How to complete this task –
Starting at the line below with "this 1500×1334 image." and stopping at the line with "this 1257×1771 image.", please print each line exactly, those two included, and skip every picture.

Exercise data START

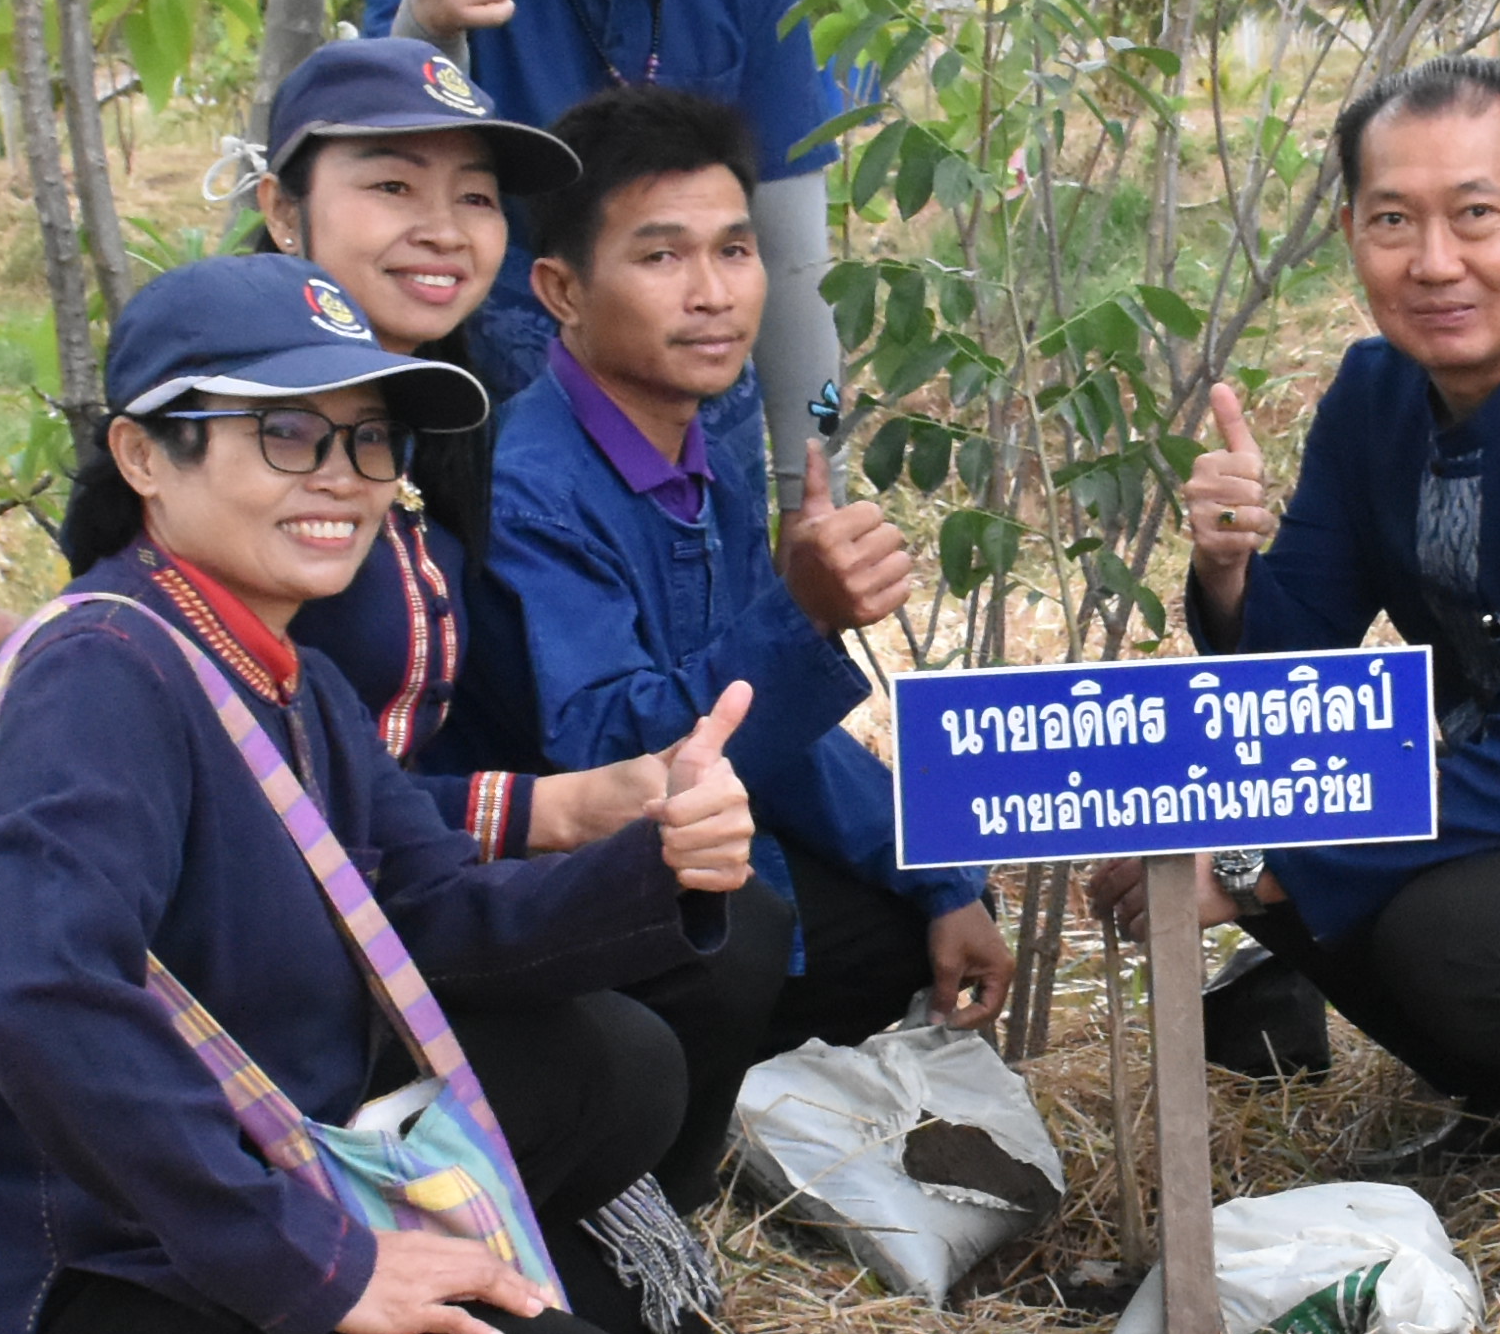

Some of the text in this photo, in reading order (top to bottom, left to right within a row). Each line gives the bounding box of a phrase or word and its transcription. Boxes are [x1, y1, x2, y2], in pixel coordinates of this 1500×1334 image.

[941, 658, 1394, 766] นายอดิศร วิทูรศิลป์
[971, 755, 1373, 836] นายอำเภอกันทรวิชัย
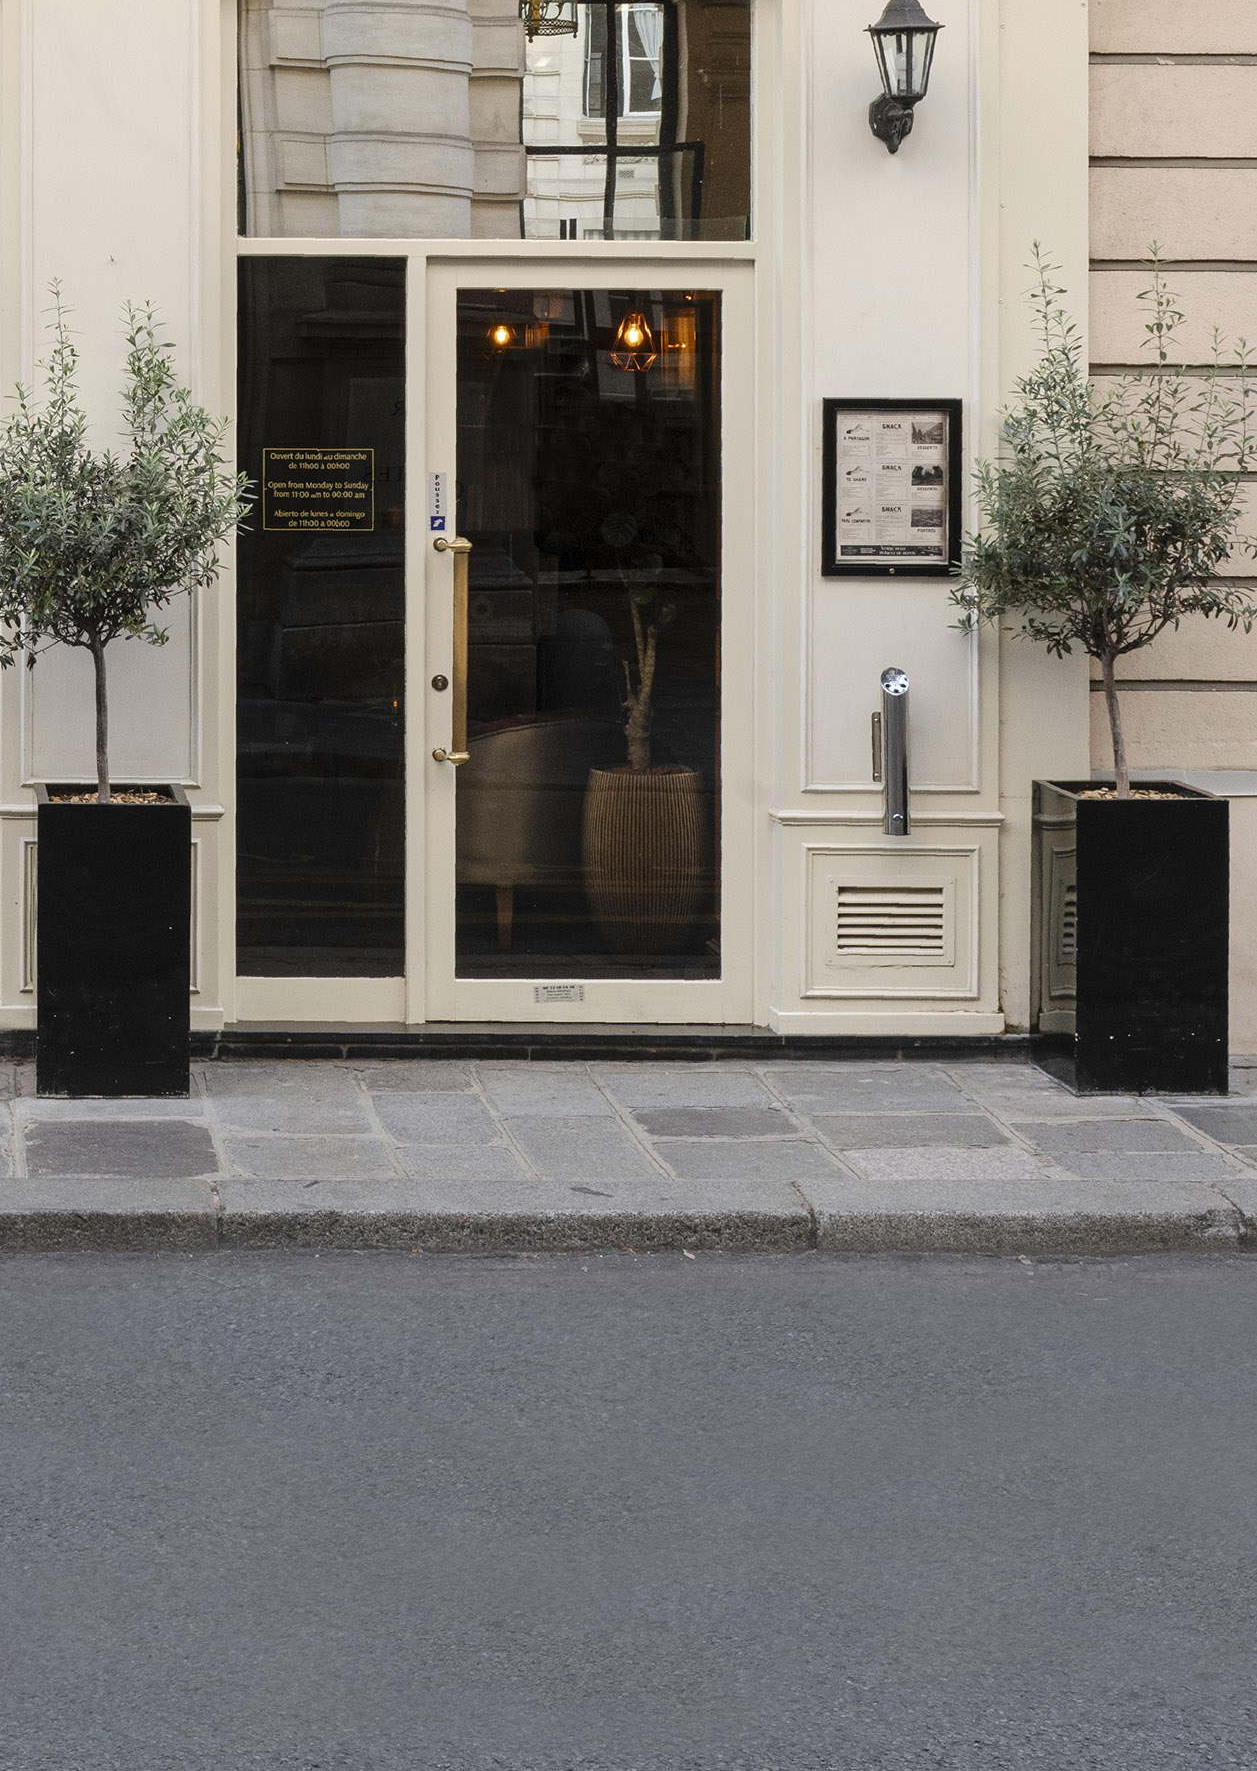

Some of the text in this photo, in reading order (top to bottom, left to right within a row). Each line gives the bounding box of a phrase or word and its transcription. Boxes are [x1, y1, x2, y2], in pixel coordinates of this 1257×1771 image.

Exercise data END
Exercise data START

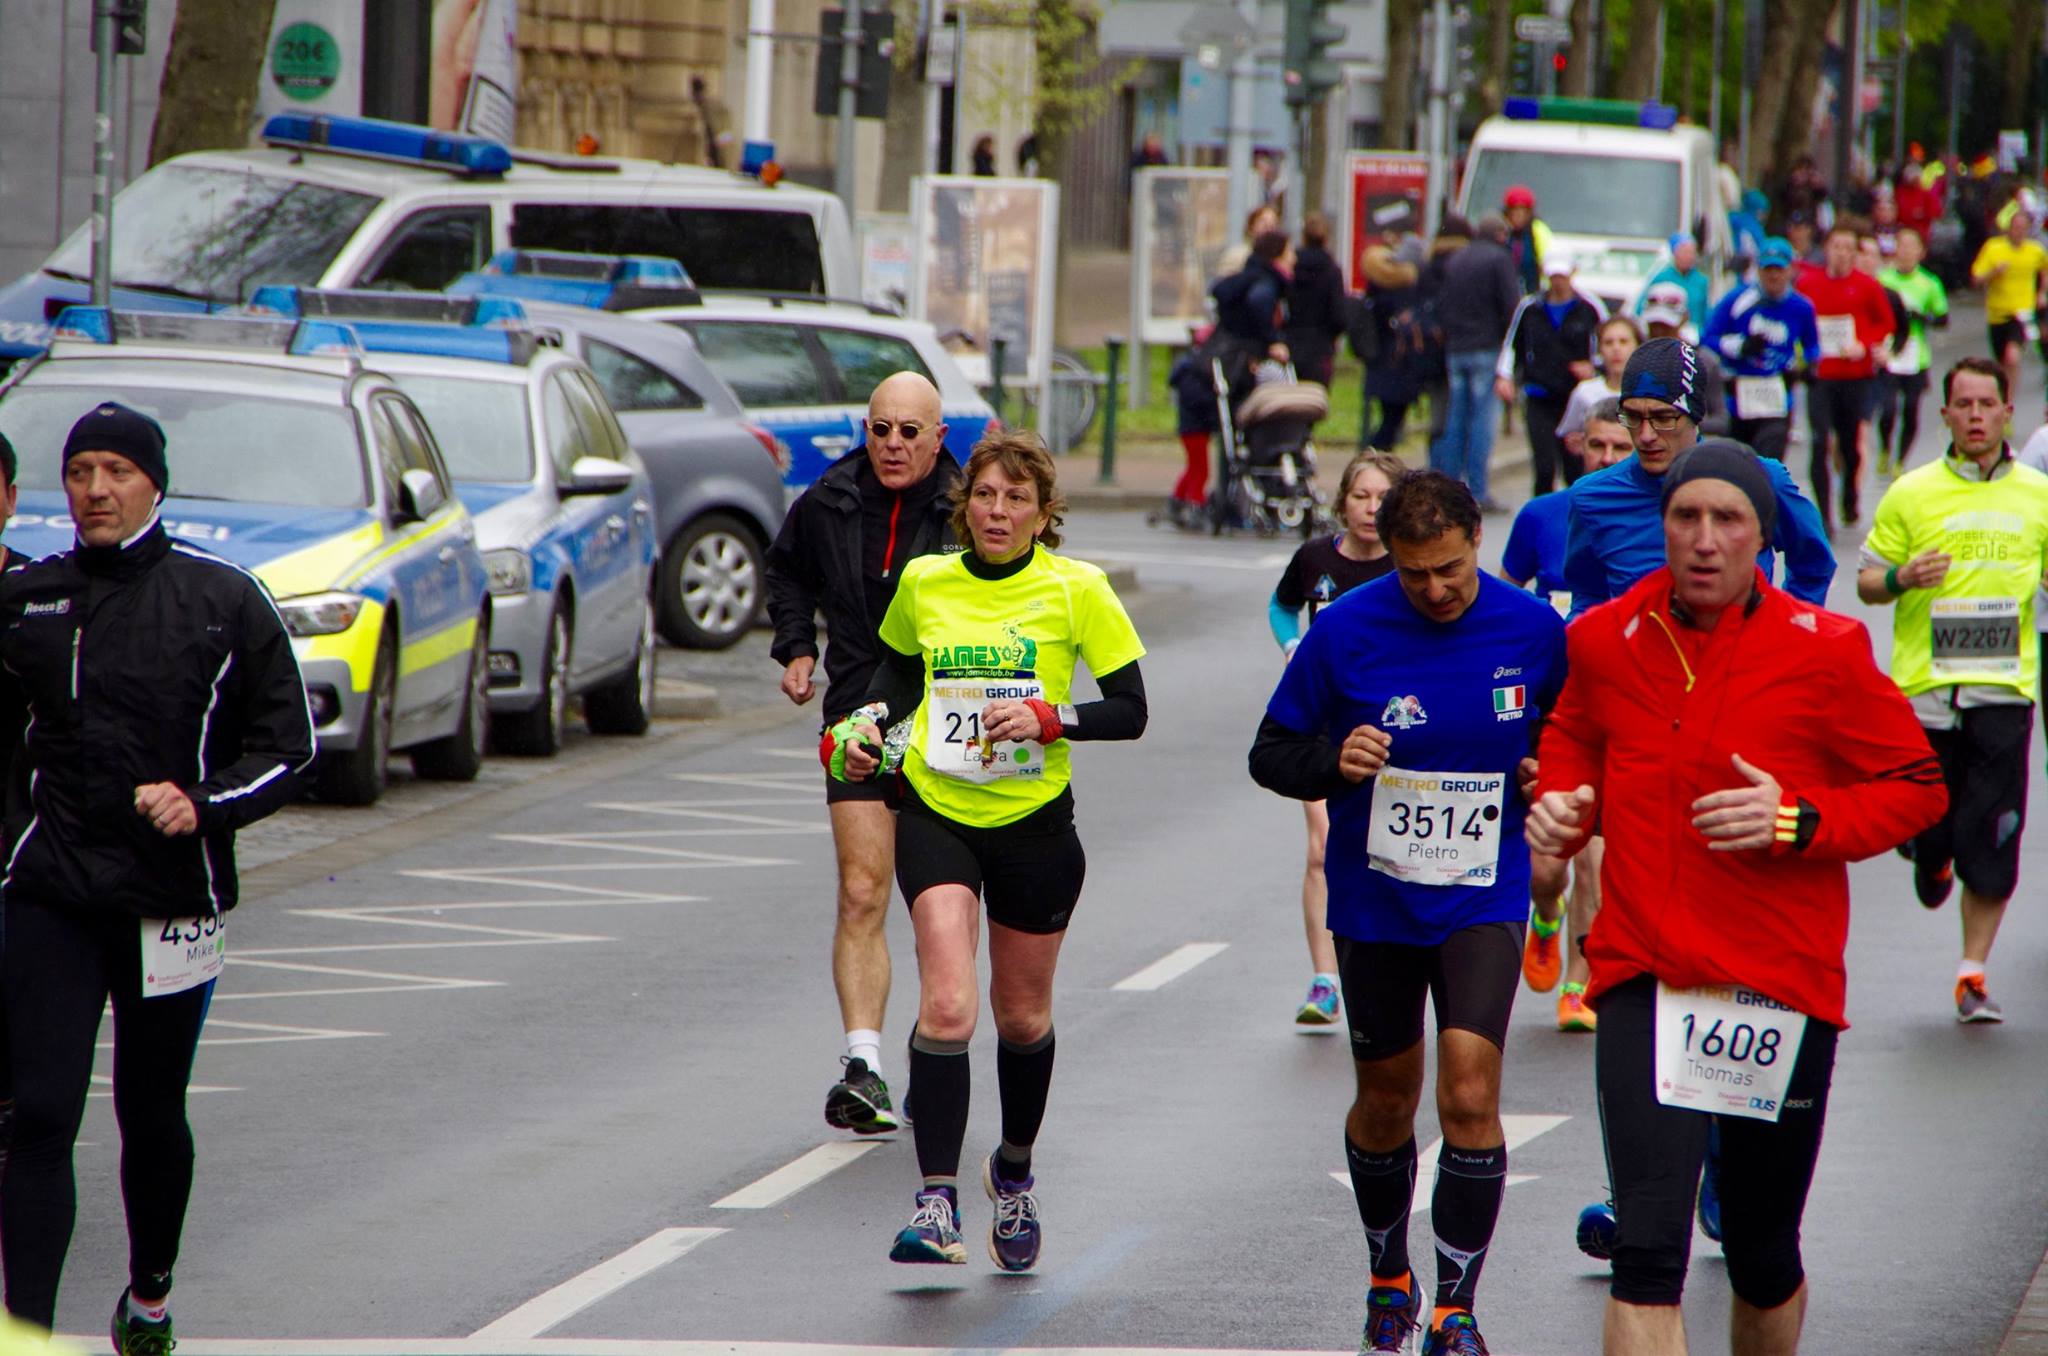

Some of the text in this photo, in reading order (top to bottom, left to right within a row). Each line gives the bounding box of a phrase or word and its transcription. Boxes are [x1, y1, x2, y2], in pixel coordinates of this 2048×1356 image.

Exercise data END
Exercise data START

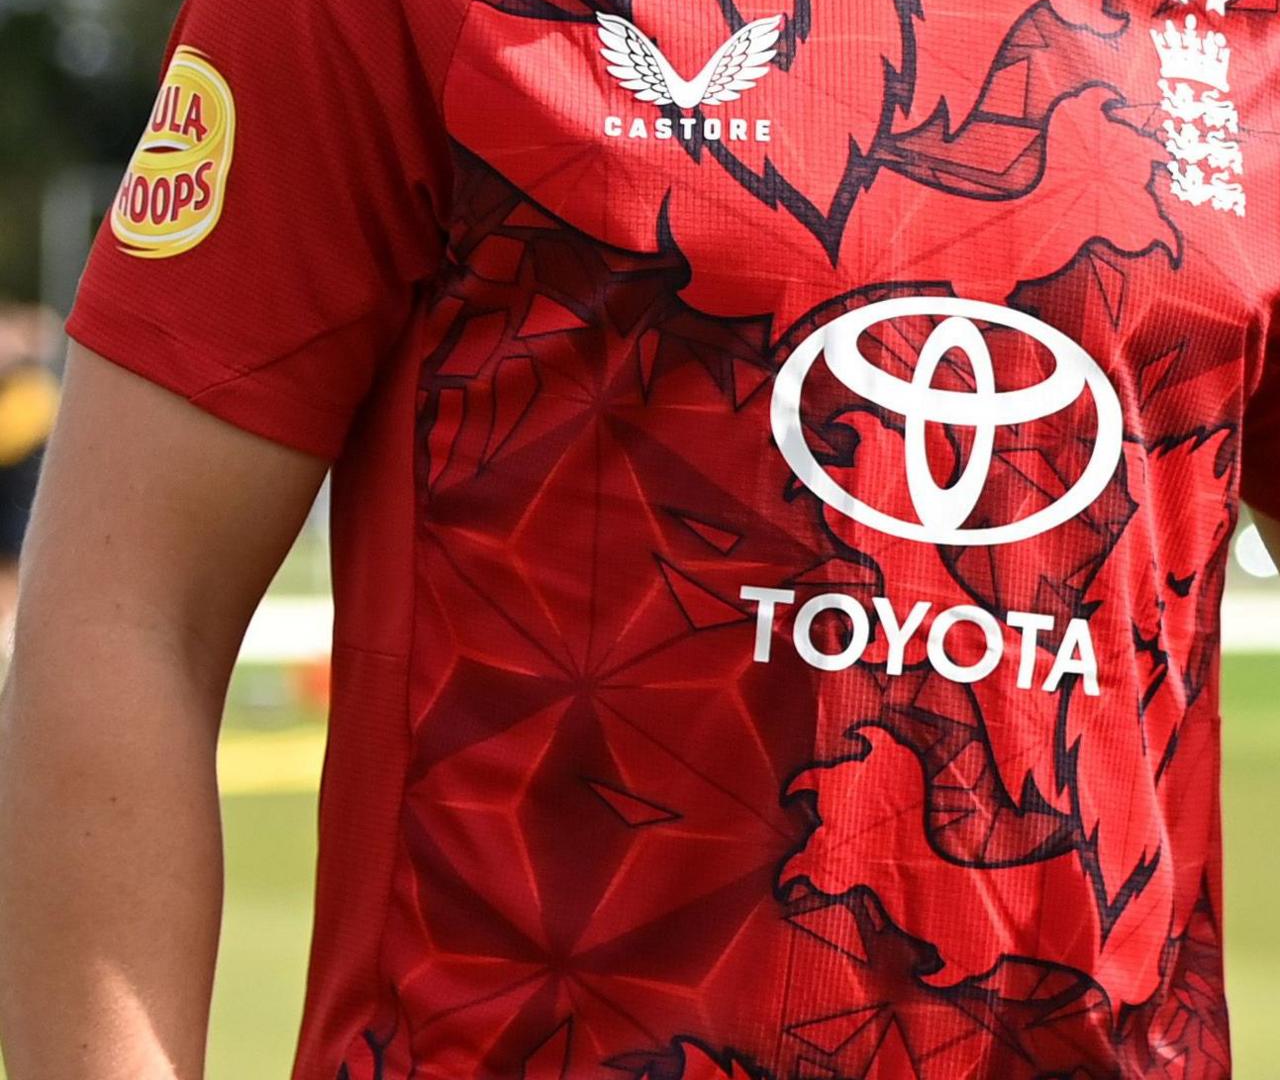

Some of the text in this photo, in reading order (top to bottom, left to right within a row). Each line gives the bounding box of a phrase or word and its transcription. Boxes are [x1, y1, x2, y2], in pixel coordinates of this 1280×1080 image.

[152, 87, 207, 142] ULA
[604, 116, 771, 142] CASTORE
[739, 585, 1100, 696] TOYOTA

Exercise data END

Written reply –
Some of the text in this photo, in reading order (top to bottom, left to right within a row). Each line gives the bounding box of a phrase or word and its transcription. Boxes are [x1, y1, x2, y2], in pixel coordinates of this 1500×1334 image.

[941, 658, 1394, 766] นายอดิศร วิทูรศิลป์
[971, 755, 1373, 836] นายอำเภอกันทรวิชัย

Some of the text in this photo, in reading order (top to bottom, left to right within a row). Each line gives the bounding box of a phrase or word and its transcription. Boxes are [x1, y1, x2, y2], in pixel coordinates of this 1257×1771 image.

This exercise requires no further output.